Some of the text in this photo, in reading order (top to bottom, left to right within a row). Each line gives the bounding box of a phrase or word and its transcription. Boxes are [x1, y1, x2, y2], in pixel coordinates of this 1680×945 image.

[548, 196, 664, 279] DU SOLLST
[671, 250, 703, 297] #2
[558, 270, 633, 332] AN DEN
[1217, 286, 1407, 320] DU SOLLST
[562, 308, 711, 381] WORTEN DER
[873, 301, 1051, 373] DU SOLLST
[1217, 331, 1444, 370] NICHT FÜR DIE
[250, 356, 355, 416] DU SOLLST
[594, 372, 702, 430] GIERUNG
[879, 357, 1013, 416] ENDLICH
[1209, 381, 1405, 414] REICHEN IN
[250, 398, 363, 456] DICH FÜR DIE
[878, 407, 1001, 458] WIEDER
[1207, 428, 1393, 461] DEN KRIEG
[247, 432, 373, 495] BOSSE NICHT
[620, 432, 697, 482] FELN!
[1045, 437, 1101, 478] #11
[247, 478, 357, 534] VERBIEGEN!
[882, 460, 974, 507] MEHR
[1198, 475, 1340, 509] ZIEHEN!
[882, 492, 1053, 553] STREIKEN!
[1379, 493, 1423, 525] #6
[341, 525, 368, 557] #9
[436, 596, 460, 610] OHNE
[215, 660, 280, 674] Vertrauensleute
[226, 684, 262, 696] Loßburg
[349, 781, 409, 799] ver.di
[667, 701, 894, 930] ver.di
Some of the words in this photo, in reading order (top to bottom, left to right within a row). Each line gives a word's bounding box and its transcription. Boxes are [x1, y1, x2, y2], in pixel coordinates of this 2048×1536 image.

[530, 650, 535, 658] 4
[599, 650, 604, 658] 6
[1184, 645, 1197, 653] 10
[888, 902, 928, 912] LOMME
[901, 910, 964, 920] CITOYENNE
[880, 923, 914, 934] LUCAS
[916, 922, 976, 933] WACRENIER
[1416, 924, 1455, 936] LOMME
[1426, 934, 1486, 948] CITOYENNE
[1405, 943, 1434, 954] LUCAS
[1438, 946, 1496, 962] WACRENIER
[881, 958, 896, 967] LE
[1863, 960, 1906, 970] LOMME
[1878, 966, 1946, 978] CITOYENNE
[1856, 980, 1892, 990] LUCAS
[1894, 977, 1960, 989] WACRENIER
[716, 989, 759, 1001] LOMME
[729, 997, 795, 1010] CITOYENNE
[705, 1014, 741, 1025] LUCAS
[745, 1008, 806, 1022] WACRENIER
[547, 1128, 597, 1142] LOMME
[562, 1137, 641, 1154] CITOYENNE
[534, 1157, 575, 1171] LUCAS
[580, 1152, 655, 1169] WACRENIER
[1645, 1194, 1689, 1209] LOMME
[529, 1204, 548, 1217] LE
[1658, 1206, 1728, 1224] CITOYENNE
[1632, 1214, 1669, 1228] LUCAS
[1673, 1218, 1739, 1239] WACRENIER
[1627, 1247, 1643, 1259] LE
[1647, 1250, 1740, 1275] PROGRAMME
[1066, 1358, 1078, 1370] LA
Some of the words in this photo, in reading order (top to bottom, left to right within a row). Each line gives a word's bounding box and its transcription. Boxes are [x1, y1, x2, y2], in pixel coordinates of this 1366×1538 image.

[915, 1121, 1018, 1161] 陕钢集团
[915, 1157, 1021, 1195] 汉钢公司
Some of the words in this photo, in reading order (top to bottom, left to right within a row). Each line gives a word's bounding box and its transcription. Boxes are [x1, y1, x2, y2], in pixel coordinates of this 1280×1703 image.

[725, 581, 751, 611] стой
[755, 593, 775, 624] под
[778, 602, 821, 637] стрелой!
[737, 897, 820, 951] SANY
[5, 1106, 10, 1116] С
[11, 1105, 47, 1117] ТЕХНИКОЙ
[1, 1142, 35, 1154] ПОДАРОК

____

Every line in the records has to be written out again exactly.

Some of the text in this photo, in reading order (top to bottom, left to right within a row). Each line gives the bounding box of a phrase or word and its transcription. Boxes are [x1, y1, x2, y2], in pixel coordinates of this 1680×945 image.

[548, 196, 664, 279] DU SOLLST
[671, 250, 703, 297] #2
[558, 270, 633, 332] AN DEN
[1217, 286, 1407, 320] DU SOLLST
[562, 308, 711, 381] WORTEN DER
[873, 301, 1051, 373] DU SOLLST
[1217, 331, 1444, 370] NICHT FÜR DIE
[250, 356, 355, 416] DU SOLLST
[594, 372, 702, 430] GIERUNG
[879, 357, 1013, 416] ENDLICH
[1209, 381, 1405, 414] REICHEN IN
[250, 398, 363, 456] DICH FÜR DIE
[878, 407, 1001, 458] WIEDER
[1207, 428, 1393, 461] DEN KRIEG
[247, 432, 373, 495] BOSSE NICHT
[620, 432, 697, 482] FELN!
[1045, 437, 1101, 478] #11
[247, 478, 357, 534] VERBIEGEN!
[882, 460, 974, 507] MEHR
[1198, 475, 1340, 509] ZIEHEN!
[882, 492, 1053, 553] STREIKEN!
[1379, 493, 1423, 525] #6
[341, 525, 368, 557] #9
[436, 596, 460, 610] OHNE
[215, 660, 280, 674] Vertrauensleute
[226, 684, 262, 696] Loßburg
[349, 781, 409, 799] ver.di
[667, 701, 894, 930] ver.di
Some of the words in this photo, in reading order (top to bottom, left to right within a row). Each line gives a word's bounding box and its transcription. Boxes are [x1, y1, x2, y2], in pixel coordinates of this 2048×1536 image.

[530, 650, 535, 658] 4
[599, 650, 604, 658] 6
[1184, 645, 1197, 653] 10
[888, 902, 928, 912] LOMME
[901, 910, 964, 920] CITOYENNE
[880, 923, 914, 934] LUCAS
[916, 922, 976, 933] WACRENIER
[1416, 924, 1455, 936] LOMME
[1426, 934, 1486, 948] CITOYENNE
[1405, 943, 1434, 954] LUCAS
[1438, 946, 1496, 962] WACRENIER
[881, 958, 896, 967] LE
[1863, 960, 1906, 970] LOMME
[1878, 966, 1946, 978] CITOYENNE
[1856, 980, 1892, 990] LUCAS
[1894, 977, 1960, 989] WACRENIER
[716, 989, 759, 1001] LOMME
[729, 997, 795, 1010] CITOYENNE
[705, 1014, 741, 1025] LUCAS
[745, 1008, 806, 1022] WACRENIER
[547, 1128, 597, 1142] LOMME
[562, 1137, 641, 1154] CITOYENNE
[534, 1157, 575, 1171] LUCAS
[580, 1152, 655, 1169] WACRENIER
[1645, 1194, 1689, 1209] LOMME
[529, 1204, 548, 1217] LE
[1658, 1206, 1728, 1224] CITOYENNE
[1632, 1214, 1669, 1228] LUCAS
[1673, 1218, 1739, 1239] WACRENIER
[1627, 1247, 1643, 1259] LE
[1647, 1250, 1740, 1275] PROGRAMME
[1066, 1358, 1078, 1370] LA
Some of the words in this photo, in reading order (top to bottom, left to right within a row). Each line gives a word's bounding box and its transcription. Boxes are [x1, y1, x2, y2], in pixel coordinates of this 1366×1538 image.

[915, 1121, 1018, 1161] 陕钢集团
[915, 1157, 1021, 1195] 汉钢公司
Some of the words in this photo, in reading order (top to bottom, left to right within a row). Each line gives a word's bounding box and its transcription. Boxes are [x1, y1, x2, y2], in pixel coordinates of this 1280×1703 image.

[725, 581, 751, 611] стой
[755, 593, 775, 624] под
[778, 602, 821, 637] стрелой!
[737, 897, 820, 951] SANY
[5, 1106, 10, 1116] С
[11, 1105, 47, 1117] ТЕХНИКОЙ
[1, 1142, 35, 1154] ПОДАРОК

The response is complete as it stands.